Любопытно, как поступил бы отец на его месте? И как поступили бы горцы? Вернули бы коня? Ответа на этот вопрос не было, точно так же как не было ответа и на другой вопрос: как смогут беи выполнить свое обещание отыскать горцев. Что, если те укроются в Хоросане или на Кавказе?
Сам паша, как и его отец, учился в Эрзруме, затем служил в Стамбуле. Отличился. Покрыл себя славой в сражениях. Живал он в Дамаске, Алеппо и Каире. Бывал в Софии и Трансильвании. Изъездил весь Восток и Запад. Но в конце концов вернулся в беязидскую крепость. По настойчивой просьбе отца. Сам он, по своей охоте, ни за что не покинул бы Стамбула. Через двенадцать лет отец умер, и титул паши перешел к Махмуду-хану как к старшему сыну.
Долгое время Махмуд-хан не мог привыкнуть к горам, к здешним людям и нравам. Роскошью беязидский дворец превосходил даже стамбульские дворцы, но освоился он там с трудом. Долго тосковал, скучал. Рассеяться ему помогли горянки: и на лицо хороши, и станом стройны, таких тоненьких девушек нигде больше нет. В первый раз он женился на армянке. Во второй раз — на дочери курдского бея. Третью жену привез себе с Кавказа. Четвертая была с берегов озера Урмийе. От этих четырех жен родились у него три дочери и восемь сыновей. Было у паши еще пятеро братьев — все они жили на Игдырской равнине. Он их слегка презирал, чурался. Лишь младший брат жил сначала во дворце, но потом и он перебрался к братьям. Женился на девушке из тамошнего знатного рода, да так и осел в тех краях. Паша до сих пор не мог простить ему этого.

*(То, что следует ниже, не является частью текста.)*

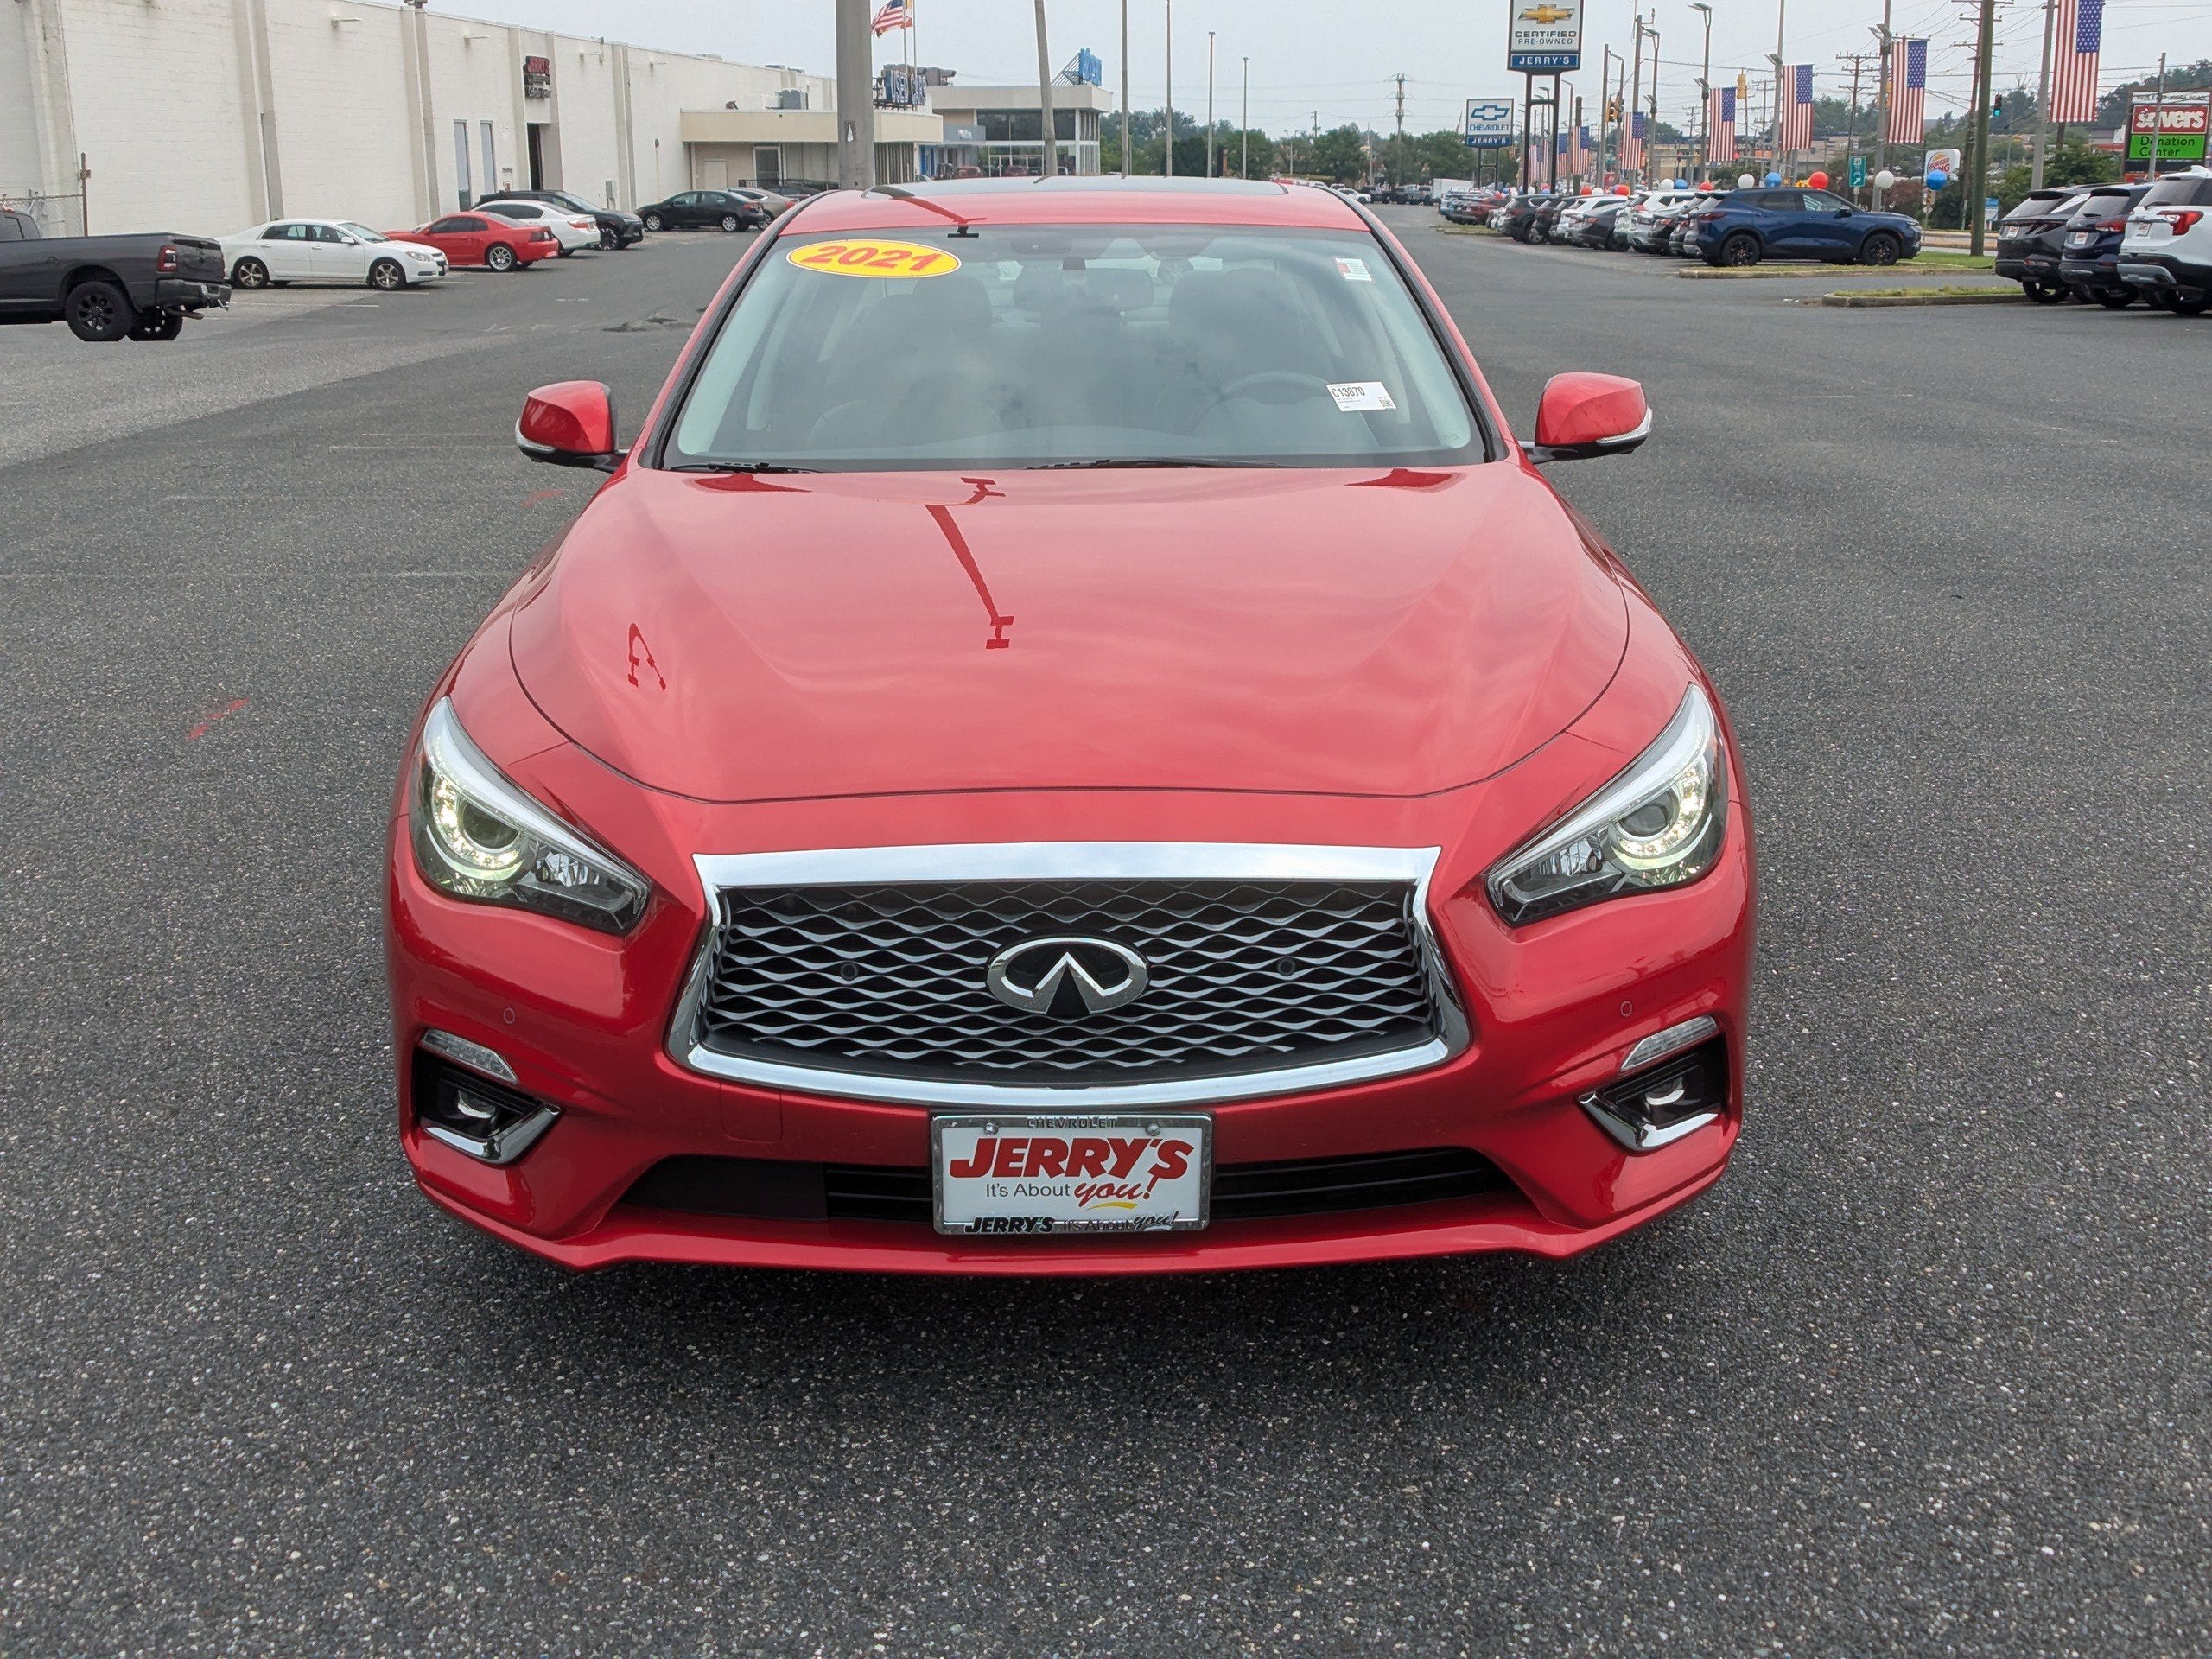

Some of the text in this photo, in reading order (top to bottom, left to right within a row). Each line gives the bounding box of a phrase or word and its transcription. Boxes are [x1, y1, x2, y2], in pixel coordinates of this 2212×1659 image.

[1519, 56, 1570, 65] JERRY'S
[1929, 157, 1950, 170] BURGER
[800, 245, 944, 272] 2021
[1331, 386, 1366, 398] C13870
[1027, 1116, 1118, 1128] CHEVROLET
[949, 1136, 1194, 1179] JERRY'S
[986, 1173, 1160, 1208] It's About you!
[963, 1211, 1180, 1234] JERRY'S It's About you!
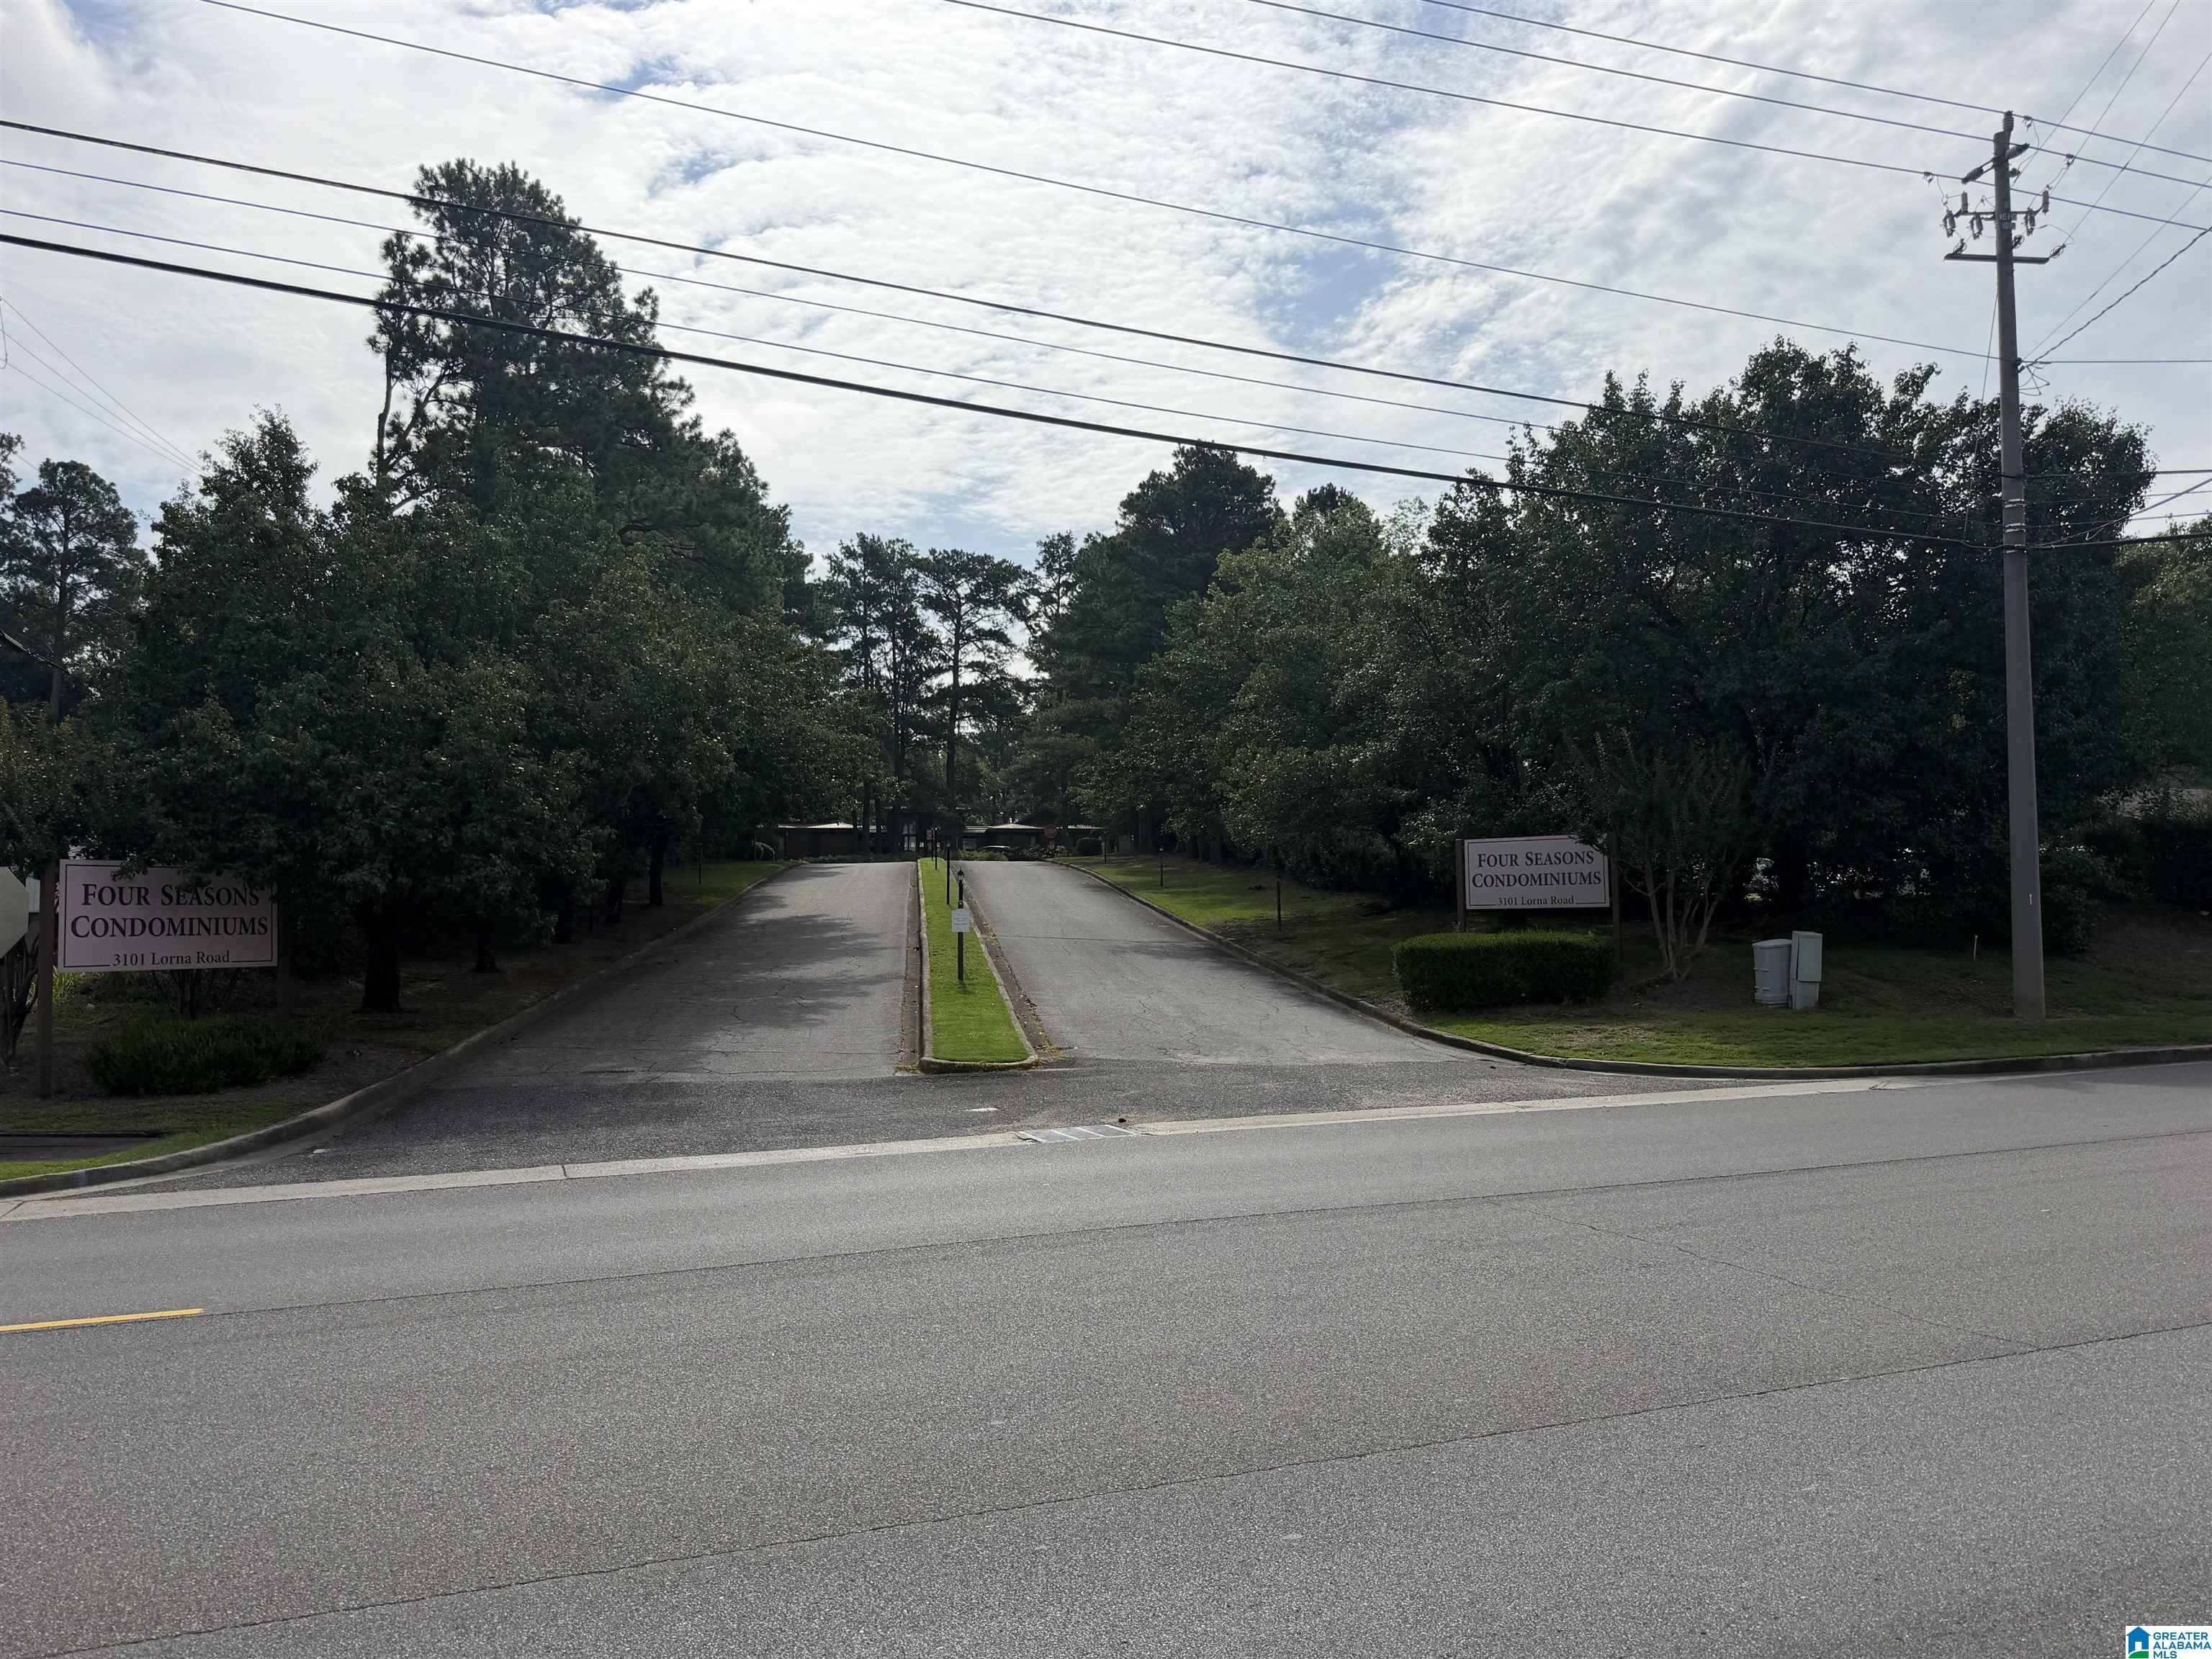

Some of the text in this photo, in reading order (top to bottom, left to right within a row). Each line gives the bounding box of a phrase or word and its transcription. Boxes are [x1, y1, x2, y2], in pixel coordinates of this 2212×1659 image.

[1477, 850, 1594, 868] FOUR SEASONS
[1472, 871, 1601, 888] CONDOMINIUMS
[81, 884, 260, 906] FOUR SEASONS
[1497, 895, 1574, 906] 3101 Lorna Road
[71, 915, 268, 938] CONDOMINIUMS
[112, 950, 230, 966] 3101 Lorna Road

Лишь одна страсть была у Махмуда-хана — охота. Каждой весной отправлялся он вместе со своими ловчими на Эсрюкдаг или Сюпхандаг либо в Сорскую или Зиланскую долину. Там он охотился на оленей и возвращался с сотнями шкур.
Одну из дочерей паши звали Гюлистан, другую — Гюльриз, третью — Гюльбахар[2]. Гюлистан, дочь армянки, была высокой рыжеволосой девушкой с большими карими глазами, осененными длинными ресницами. Наряды себе она выписывала из Стамбула, следуя придворной моде. Так же поступала и Гюльриз, белокурая красавица с небесно-синими глазами и длинной лебединой шеей. Из всех троих эта была самая образованная, еще девочкой знала наизусть стихи Ахмеди Хани[3]; придет, бывало, в мраморный зал и читает всем собравшимся. Паша любил ее больше остальных. Гюльбахар сильно отличалась от своих сестер — ростом пониже, плотно сбитая, лицо светлое, открытое, орехово-смуглое. По принятому у горянок обыкновению она носила несколько нижних юбок, волосы заплетала в сорок косичек. На шее — золотое ожерелье, на ногах — браслеты с изумрудом и жемчугом. От природы она была большая умница. Говорила мало, почти всегда улыбалась. Все прочие дети паши редко выходили из дворца, с простым народом не знались. Иное дело — Гюльбахар. Ни одна большая гулянка, ни одна свадьба без нее не обходились.